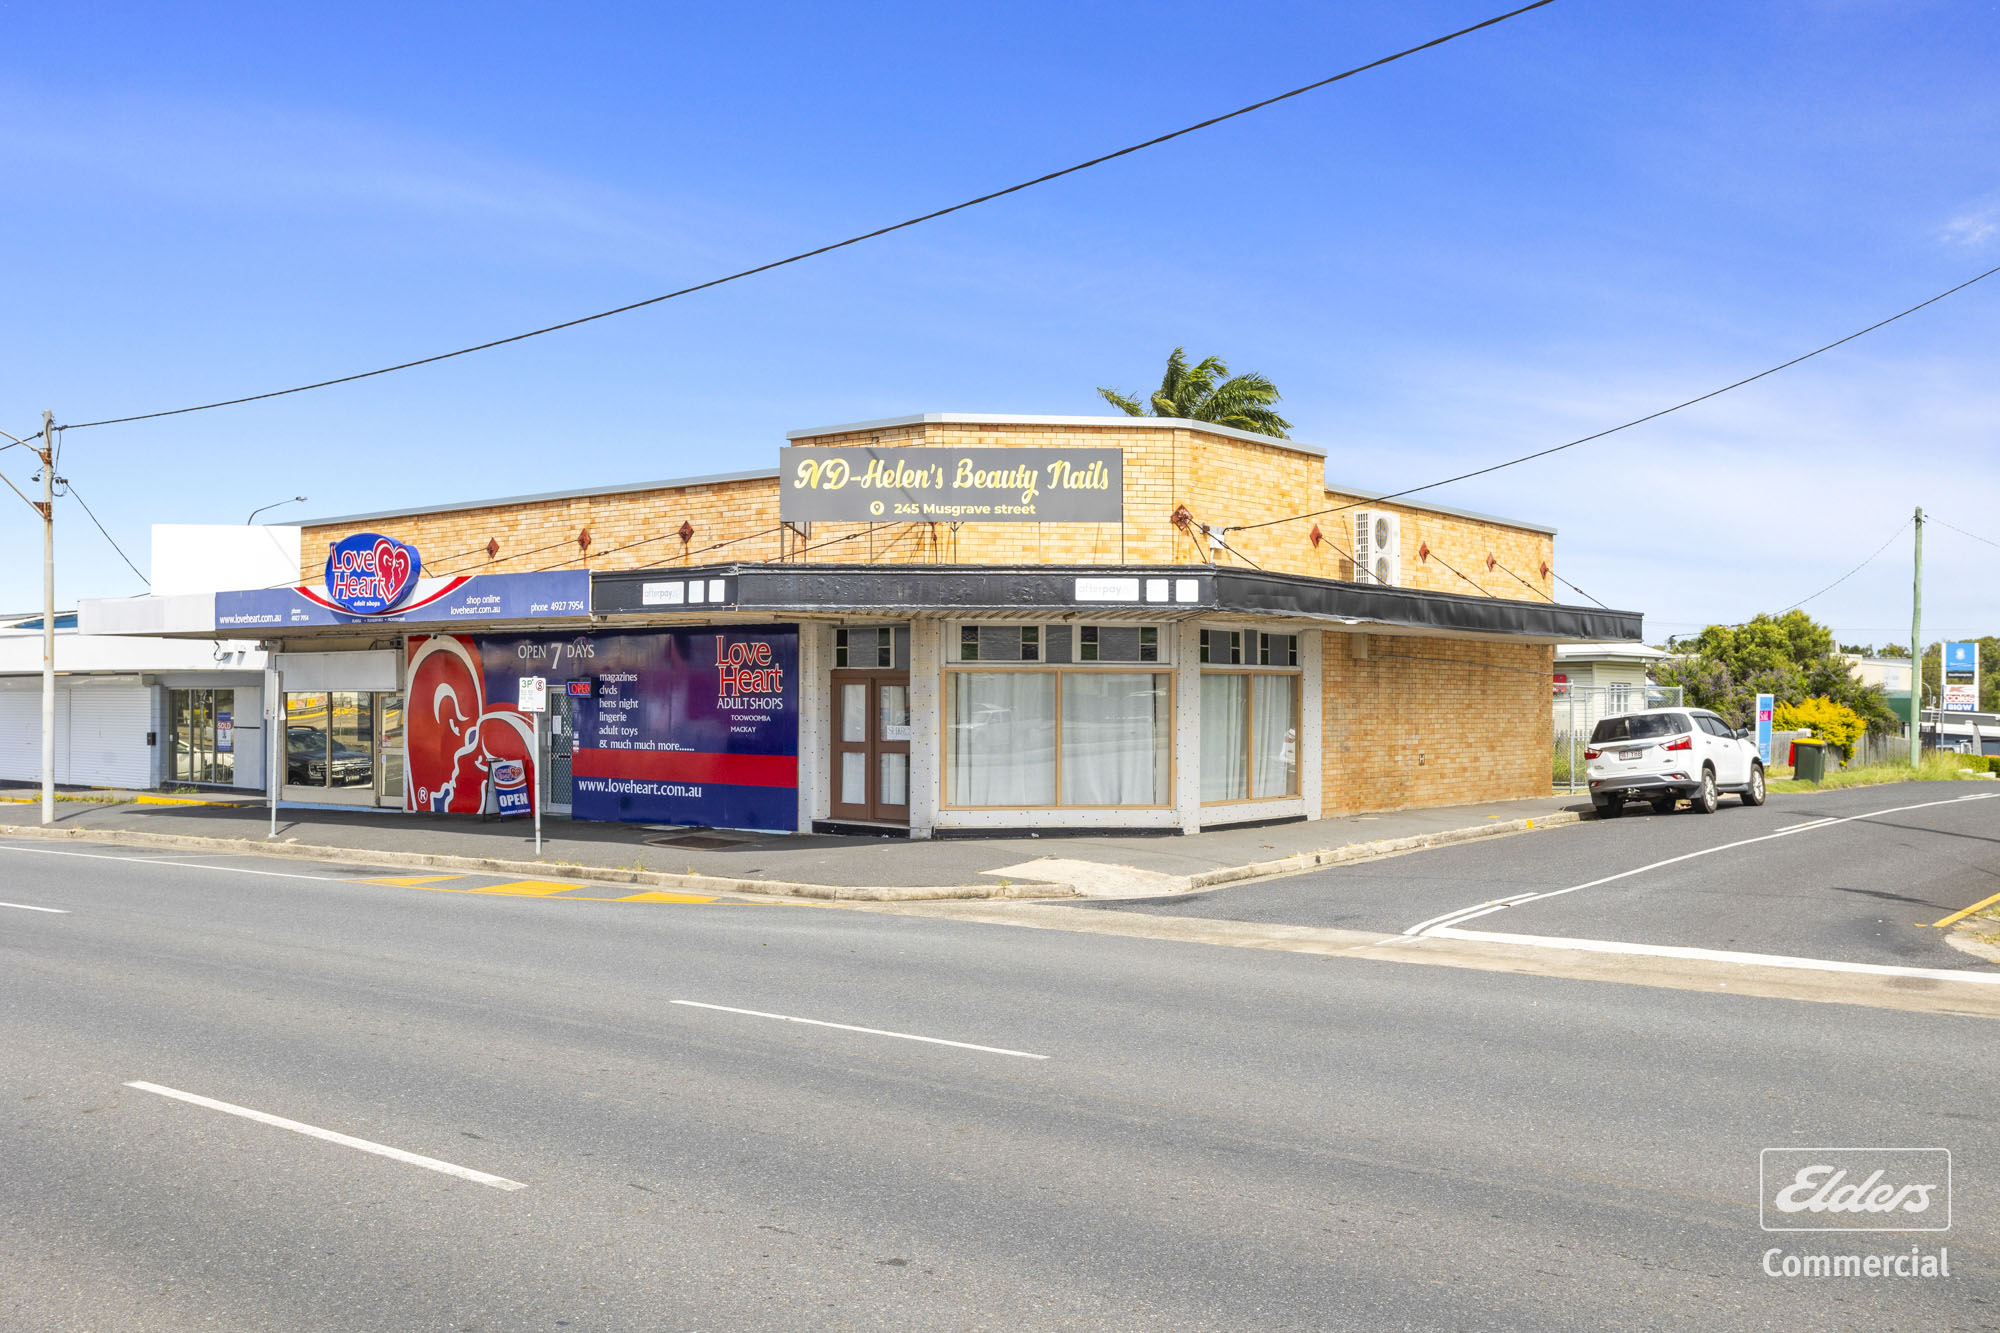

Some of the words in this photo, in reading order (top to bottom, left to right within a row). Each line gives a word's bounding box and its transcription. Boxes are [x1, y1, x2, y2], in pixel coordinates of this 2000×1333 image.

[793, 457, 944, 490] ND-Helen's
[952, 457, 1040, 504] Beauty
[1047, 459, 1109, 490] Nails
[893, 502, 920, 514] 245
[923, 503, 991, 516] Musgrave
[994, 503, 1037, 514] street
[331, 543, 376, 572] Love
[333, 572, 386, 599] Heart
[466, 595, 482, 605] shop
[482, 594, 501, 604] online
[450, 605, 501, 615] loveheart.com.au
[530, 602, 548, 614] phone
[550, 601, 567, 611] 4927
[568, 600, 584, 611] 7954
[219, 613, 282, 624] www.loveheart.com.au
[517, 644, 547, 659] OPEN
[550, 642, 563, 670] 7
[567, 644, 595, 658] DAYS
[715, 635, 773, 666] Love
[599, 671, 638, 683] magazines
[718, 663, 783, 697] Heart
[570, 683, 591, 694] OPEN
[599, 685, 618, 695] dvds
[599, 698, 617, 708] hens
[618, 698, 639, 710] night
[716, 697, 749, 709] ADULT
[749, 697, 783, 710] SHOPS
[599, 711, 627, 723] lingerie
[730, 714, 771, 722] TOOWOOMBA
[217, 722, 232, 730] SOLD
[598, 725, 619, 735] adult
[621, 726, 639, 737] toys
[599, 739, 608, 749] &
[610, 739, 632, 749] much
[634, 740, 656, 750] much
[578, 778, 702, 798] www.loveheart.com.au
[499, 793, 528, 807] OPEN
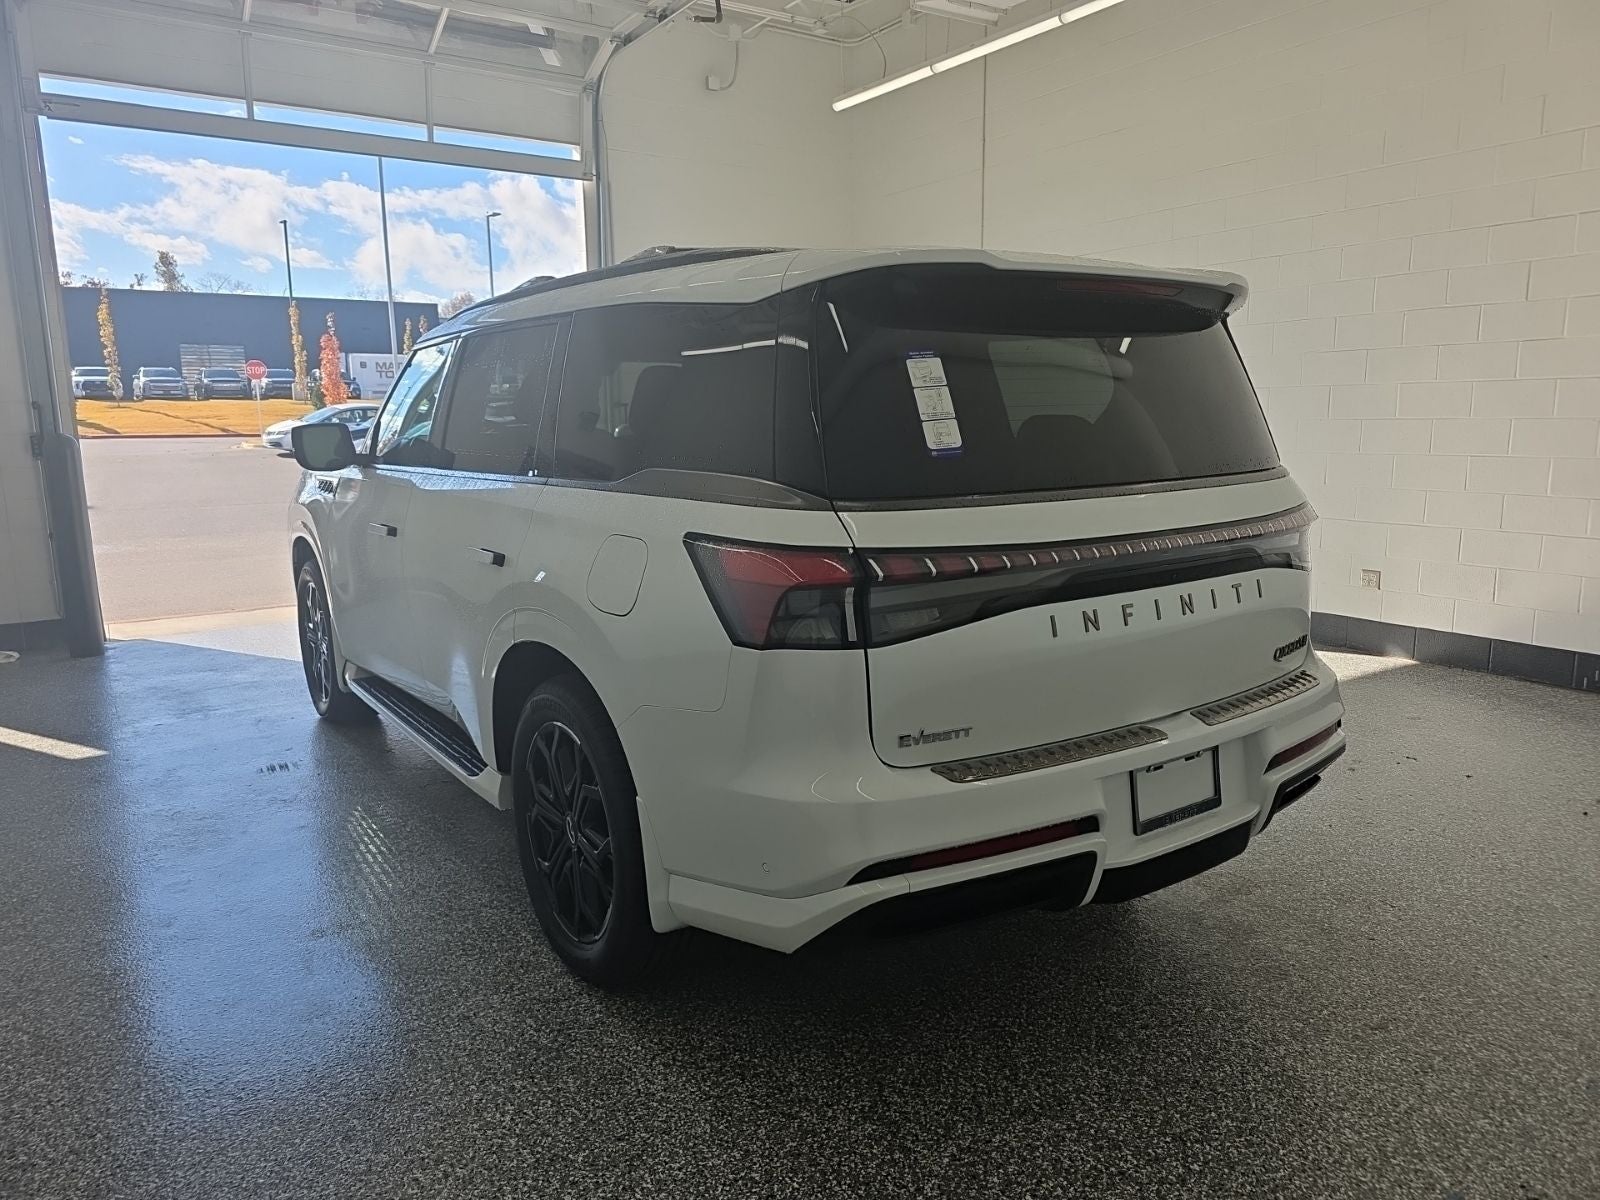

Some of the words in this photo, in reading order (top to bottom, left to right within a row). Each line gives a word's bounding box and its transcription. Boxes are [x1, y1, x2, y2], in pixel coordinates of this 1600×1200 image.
...
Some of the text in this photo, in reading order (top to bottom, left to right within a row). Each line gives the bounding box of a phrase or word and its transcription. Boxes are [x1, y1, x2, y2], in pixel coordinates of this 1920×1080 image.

YOUR INSTRUCTIONS: Copy word for word only the lines above from the one with "this 2000×1333 image." through the one with "this 1600×1200 image.". Leave pictures out.

EXERCISE ANSWER:
Some of the words in this photo, in reading order (top to bottom, left to right within a row). Each line gives a word's bounding box and its transcription. Boxes are [x1, y1, x2, y2], in pixel coordinates of this 2000×1333 image.

[793, 457, 944, 490] ND-Helen's
[952, 457, 1040, 504] Beauty
[1047, 459, 1109, 490] Nails
[893, 502, 920, 514] 245
[923, 503, 991, 516] Musgrave
[994, 503, 1037, 514] street
[331, 543, 376, 572] Love
[333, 572, 386, 599] Heart
[466, 595, 482, 605] shop
[482, 594, 501, 604] online
[450, 605, 501, 615] loveheart.com.au
[530, 602, 548, 614] phone
[550, 601, 567, 611] 4927
[568, 600, 584, 611] 7954
[219, 613, 282, 624] www.loveheart.com.au
[517, 644, 547, 659] OPEN
[550, 642, 563, 670] 7
[567, 644, 595, 658] DAYS
[715, 635, 773, 666] Love
[599, 671, 638, 683] magazines
[718, 663, 783, 697] Heart
[570, 683, 591, 694] OPEN
[599, 685, 618, 695] dvds
[599, 698, 617, 708] hens
[618, 698, 639, 710] night
[716, 697, 749, 709] ADULT
[749, 697, 783, 710] SHOPS
[599, 711, 627, 723] lingerie
[730, 714, 771, 722] TOOWOOMBA
[217, 722, 232, 730] SOLD
[598, 725, 619, 735] adult
[621, 726, 639, 737] toys
[599, 739, 608, 749] &
[610, 739, 632, 749] much
[634, 740, 656, 750] much
[578, 778, 702, 798] www.loveheart.com.au
[499, 793, 528, 807] OPEN

Some of the words in this photo, in reading order (top to bottom, left to right within a row). Each line gives a word's bounding box and its transcription. Boxes are [x1, y1, x2, y2], in pixel coordinates of this 1600×1200 image.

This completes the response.